Assigned task:
The entries are to be given again in full. Every word must match.

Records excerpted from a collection
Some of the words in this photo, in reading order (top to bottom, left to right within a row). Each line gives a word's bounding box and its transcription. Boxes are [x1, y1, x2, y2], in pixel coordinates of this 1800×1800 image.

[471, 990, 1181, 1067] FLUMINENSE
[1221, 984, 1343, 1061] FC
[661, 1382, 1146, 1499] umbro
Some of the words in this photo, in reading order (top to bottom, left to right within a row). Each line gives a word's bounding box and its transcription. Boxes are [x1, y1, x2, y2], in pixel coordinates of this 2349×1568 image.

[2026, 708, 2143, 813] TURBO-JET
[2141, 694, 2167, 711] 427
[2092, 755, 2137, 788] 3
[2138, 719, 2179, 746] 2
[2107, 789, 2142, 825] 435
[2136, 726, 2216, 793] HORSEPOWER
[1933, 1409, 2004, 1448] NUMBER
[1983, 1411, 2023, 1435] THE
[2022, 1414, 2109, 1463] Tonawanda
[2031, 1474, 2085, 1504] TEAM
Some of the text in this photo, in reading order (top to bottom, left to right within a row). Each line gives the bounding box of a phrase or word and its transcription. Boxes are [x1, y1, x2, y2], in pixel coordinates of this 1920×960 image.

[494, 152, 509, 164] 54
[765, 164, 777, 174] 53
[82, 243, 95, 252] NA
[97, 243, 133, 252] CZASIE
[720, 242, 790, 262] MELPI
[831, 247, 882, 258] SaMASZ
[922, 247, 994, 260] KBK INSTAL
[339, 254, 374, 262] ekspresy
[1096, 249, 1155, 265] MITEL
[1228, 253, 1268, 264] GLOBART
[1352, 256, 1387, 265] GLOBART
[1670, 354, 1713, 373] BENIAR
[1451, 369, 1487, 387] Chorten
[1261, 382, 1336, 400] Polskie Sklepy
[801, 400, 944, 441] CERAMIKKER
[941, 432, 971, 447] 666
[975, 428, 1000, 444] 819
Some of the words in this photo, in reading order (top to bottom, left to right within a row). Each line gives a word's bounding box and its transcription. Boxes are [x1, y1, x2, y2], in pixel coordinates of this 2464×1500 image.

Solution to this task:
Some of the words in this photo, in reading order (top to bottom, left to right within a row). Each line gives a word's bounding box and its transcription. Boxes are [x1, y1, x2, y2], in pixel coordinates of this 1800×1800 image.

[471, 990, 1181, 1067] FLUMINENSE
[1221, 984, 1343, 1061] FC
[661, 1382, 1146, 1499] umbro
Some of the words in this photo, in reading order (top to bottom, left to right within a row). Each line gives a word's bounding box and its transcription. Boxes are [x1, y1, x2, y2], in pixel coordinates of this 2349×1568 image.

[2026, 708, 2143, 813] TURBO-JET
[2141, 694, 2167, 711] 427
[2092, 755, 2137, 788] 3
[2138, 719, 2179, 746] 2
[2107, 789, 2142, 825] 435
[2136, 726, 2216, 793] HORSEPOWER
[1933, 1409, 2004, 1448] NUMBER
[1983, 1411, 2023, 1435] THE
[2022, 1414, 2109, 1463] Tonawanda
[2031, 1474, 2085, 1504] TEAM
Some of the text in this photo, in reading order (top to bottom, left to right within a row). Each line gives the bounding box of a phrase or word and its transcription. Boxes are [x1, y1, x2, y2], in pixel coordinates of this 1920×960 image.

[494, 152, 509, 164] 54
[765, 164, 777, 174] 53
[82, 243, 95, 252] NA
[97, 243, 133, 252] CZASIE
[720, 242, 790, 262] MELPI
[831, 247, 882, 258] SaMASZ
[922, 247, 994, 260] KBK INSTAL
[339, 254, 374, 262] ekspresy
[1096, 249, 1155, 265] MITEL
[1228, 253, 1268, 264] GLOBART
[1352, 256, 1387, 265] GLOBART
[1670, 354, 1713, 373] BENIAR
[1451, 369, 1487, 387] Chorten
[1261, 382, 1336, 400] Polskie Sklepy
[801, 400, 944, 441] CERAMIKKER
[941, 432, 971, 447] 666
[975, 428, 1000, 444] 819
Some of the words in this photo, in reading order (top to bottom, left to right within a row). Each line gives a word's bounding box and its transcription. Boxes are [x1, y1, x2, y2], in pixel coordinates of this 2464×1500 image.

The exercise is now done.